**MATERIAL FOR THE TASK:**
──────────────────────────────

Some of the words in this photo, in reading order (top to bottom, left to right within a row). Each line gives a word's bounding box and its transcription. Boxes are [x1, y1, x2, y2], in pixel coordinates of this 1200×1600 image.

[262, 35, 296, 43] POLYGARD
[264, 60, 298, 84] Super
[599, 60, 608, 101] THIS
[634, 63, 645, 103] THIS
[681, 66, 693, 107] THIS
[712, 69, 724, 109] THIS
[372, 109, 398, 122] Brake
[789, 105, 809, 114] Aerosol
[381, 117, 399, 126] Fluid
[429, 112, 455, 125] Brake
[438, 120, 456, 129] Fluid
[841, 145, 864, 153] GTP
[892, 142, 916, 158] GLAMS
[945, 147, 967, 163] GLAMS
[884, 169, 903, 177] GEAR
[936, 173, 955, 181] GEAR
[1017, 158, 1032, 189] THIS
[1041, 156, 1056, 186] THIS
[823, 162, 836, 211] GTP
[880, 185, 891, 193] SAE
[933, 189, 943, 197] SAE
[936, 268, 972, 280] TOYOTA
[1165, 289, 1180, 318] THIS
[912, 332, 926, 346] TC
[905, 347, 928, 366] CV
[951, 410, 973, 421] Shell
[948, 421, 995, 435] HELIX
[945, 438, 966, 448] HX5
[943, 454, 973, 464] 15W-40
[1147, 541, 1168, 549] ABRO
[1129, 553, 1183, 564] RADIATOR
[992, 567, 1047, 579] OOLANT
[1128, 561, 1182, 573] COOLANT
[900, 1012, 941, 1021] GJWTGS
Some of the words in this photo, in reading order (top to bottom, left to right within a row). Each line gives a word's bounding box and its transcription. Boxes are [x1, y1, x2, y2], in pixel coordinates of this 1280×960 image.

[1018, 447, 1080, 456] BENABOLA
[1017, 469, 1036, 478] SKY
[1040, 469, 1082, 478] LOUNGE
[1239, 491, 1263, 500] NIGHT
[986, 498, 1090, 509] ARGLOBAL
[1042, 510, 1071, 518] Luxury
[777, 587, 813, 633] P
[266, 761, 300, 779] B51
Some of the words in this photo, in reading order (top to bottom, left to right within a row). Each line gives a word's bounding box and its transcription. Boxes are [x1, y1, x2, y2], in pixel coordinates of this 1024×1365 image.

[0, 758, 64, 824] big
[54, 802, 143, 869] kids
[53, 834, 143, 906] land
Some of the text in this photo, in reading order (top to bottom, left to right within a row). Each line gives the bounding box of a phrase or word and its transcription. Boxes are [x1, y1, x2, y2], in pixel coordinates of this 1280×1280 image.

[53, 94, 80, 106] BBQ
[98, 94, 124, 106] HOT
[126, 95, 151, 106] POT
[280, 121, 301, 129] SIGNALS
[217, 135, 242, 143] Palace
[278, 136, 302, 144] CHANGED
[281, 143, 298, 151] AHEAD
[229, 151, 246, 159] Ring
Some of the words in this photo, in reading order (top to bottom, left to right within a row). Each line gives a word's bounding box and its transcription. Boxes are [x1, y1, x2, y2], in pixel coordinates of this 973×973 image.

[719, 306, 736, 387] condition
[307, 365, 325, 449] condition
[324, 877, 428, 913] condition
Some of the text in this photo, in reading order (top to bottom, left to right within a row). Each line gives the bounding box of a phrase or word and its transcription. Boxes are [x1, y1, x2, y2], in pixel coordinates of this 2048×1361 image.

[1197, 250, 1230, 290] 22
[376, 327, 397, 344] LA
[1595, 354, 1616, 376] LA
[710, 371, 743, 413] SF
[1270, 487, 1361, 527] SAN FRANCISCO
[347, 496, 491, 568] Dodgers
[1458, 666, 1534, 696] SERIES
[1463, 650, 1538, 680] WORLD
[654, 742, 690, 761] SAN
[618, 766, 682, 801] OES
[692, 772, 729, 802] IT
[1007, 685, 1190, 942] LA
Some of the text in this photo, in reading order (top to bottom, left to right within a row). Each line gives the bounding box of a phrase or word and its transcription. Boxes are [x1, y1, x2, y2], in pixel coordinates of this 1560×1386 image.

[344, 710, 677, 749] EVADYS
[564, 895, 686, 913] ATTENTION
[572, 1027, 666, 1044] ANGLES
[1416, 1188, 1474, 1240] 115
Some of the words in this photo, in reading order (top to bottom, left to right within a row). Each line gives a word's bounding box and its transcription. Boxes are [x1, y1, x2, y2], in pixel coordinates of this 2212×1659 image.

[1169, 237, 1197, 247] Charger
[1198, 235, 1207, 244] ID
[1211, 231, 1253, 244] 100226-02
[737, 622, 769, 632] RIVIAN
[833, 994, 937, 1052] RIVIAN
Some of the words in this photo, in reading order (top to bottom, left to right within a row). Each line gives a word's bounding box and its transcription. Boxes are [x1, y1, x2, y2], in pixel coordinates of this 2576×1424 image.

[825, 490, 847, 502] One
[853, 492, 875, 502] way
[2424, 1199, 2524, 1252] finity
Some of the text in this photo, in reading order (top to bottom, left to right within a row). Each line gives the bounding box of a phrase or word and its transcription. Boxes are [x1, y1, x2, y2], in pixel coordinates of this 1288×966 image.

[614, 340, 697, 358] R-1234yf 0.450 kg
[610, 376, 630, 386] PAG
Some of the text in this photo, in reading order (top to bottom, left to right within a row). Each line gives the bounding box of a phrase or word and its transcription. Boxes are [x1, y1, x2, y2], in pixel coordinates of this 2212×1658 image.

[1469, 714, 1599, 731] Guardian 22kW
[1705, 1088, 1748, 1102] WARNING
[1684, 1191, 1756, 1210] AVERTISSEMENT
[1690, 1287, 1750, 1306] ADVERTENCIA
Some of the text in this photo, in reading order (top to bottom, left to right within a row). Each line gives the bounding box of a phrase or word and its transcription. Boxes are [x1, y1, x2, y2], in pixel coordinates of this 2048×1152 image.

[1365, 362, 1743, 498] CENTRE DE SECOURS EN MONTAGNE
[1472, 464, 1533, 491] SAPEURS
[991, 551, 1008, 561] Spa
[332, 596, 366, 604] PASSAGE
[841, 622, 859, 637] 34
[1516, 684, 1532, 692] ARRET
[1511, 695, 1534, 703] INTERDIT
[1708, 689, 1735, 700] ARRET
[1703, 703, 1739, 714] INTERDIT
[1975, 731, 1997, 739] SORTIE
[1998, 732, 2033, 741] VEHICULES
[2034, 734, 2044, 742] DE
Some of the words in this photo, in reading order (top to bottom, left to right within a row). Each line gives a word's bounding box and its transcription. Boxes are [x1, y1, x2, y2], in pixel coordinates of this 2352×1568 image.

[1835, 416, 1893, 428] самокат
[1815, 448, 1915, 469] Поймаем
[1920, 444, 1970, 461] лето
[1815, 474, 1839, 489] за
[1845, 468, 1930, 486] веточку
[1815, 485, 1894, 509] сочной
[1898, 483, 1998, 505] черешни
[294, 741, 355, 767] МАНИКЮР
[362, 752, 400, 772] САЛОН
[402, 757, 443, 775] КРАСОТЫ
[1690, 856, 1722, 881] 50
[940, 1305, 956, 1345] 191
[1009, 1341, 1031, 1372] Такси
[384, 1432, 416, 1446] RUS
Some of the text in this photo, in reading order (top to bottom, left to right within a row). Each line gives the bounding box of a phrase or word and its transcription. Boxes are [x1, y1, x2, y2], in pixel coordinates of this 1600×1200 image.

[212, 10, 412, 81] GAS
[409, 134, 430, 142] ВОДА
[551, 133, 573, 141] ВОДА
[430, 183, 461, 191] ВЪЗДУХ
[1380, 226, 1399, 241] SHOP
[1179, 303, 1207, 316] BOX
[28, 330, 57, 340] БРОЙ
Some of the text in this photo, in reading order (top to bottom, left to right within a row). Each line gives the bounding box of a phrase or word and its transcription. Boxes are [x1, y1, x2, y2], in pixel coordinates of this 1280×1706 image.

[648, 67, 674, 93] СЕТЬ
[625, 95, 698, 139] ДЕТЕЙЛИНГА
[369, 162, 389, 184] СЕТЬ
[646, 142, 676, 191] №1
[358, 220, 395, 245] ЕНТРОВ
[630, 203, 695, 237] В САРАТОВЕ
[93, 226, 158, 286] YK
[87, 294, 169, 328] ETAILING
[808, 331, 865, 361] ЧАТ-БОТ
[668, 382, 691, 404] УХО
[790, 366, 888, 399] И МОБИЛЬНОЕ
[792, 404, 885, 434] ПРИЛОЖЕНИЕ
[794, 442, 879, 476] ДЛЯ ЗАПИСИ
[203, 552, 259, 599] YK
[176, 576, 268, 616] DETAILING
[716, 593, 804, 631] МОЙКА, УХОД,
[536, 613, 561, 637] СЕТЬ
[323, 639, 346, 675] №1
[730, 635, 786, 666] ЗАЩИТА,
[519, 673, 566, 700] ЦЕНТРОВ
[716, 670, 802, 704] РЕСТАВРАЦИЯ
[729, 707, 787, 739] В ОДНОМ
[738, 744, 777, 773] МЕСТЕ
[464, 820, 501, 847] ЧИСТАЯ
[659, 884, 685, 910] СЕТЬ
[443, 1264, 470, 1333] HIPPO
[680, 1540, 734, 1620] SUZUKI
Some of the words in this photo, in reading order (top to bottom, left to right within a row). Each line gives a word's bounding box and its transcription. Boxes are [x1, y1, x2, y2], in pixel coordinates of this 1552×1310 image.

──────────────────────────────

Please repeat the line that contains "this 1280×1706 image." and every line after it through the end of the material above, exactly and with nothing added.

**EXERCISE ANSWER:**
Some of the text in this photo, in reading order (top to bottom, left to right within a row). Each line gives the bounding box of a phrase or word and its transcription. Boxes are [x1, y1, x2, y2], in pixel coordinates of this 1280×1706 image.

[648, 67, 674, 93] СЕТЬ
[625, 95, 698, 139] ДЕТЕЙЛИНГА
[369, 162, 389, 184] СЕТЬ
[646, 142, 676, 191] №1
[358, 220, 395, 245] ЕНТРОВ
[630, 203, 695, 237] В САРАТОВЕ
[93, 226, 158, 286] YK
[87, 294, 169, 328] ETAILING
[808, 331, 865, 361] ЧАТ-БОТ
[668, 382, 691, 404] УХО
[790, 366, 888, 399] И МОБИЛЬНОЕ
[792, 404, 885, 434] ПРИЛОЖЕНИЕ
[794, 442, 879, 476] ДЛЯ ЗАПИСИ
[203, 552, 259, 599] YK
[176, 576, 268, 616] DETAILING
[716, 593, 804, 631] МОЙКА, УХОД,
[536, 613, 561, 637] СЕТЬ
[323, 639, 346, 675] №1
[730, 635, 786, 666] ЗАЩИТА,
[519, 673, 566, 700] ЦЕНТРОВ
[716, 670, 802, 704] РЕСТАВРАЦИЯ
[729, 707, 787, 739] В ОДНОМ
[738, 744, 777, 773] МЕСТЕ
[464, 820, 501, 847] ЧИСТАЯ
[659, 884, 685, 910] СЕТЬ
[443, 1264, 470, 1333] HIPPO
[680, 1540, 734, 1620] SUZUKI
Some of the words in this photo, in reading order (top to bottom, left to right within a row). Each line gives a word's bounding box and its transcription. Boxes are [x1, y1, x2, y2], in pixel coordinates of this 1552×1310 image.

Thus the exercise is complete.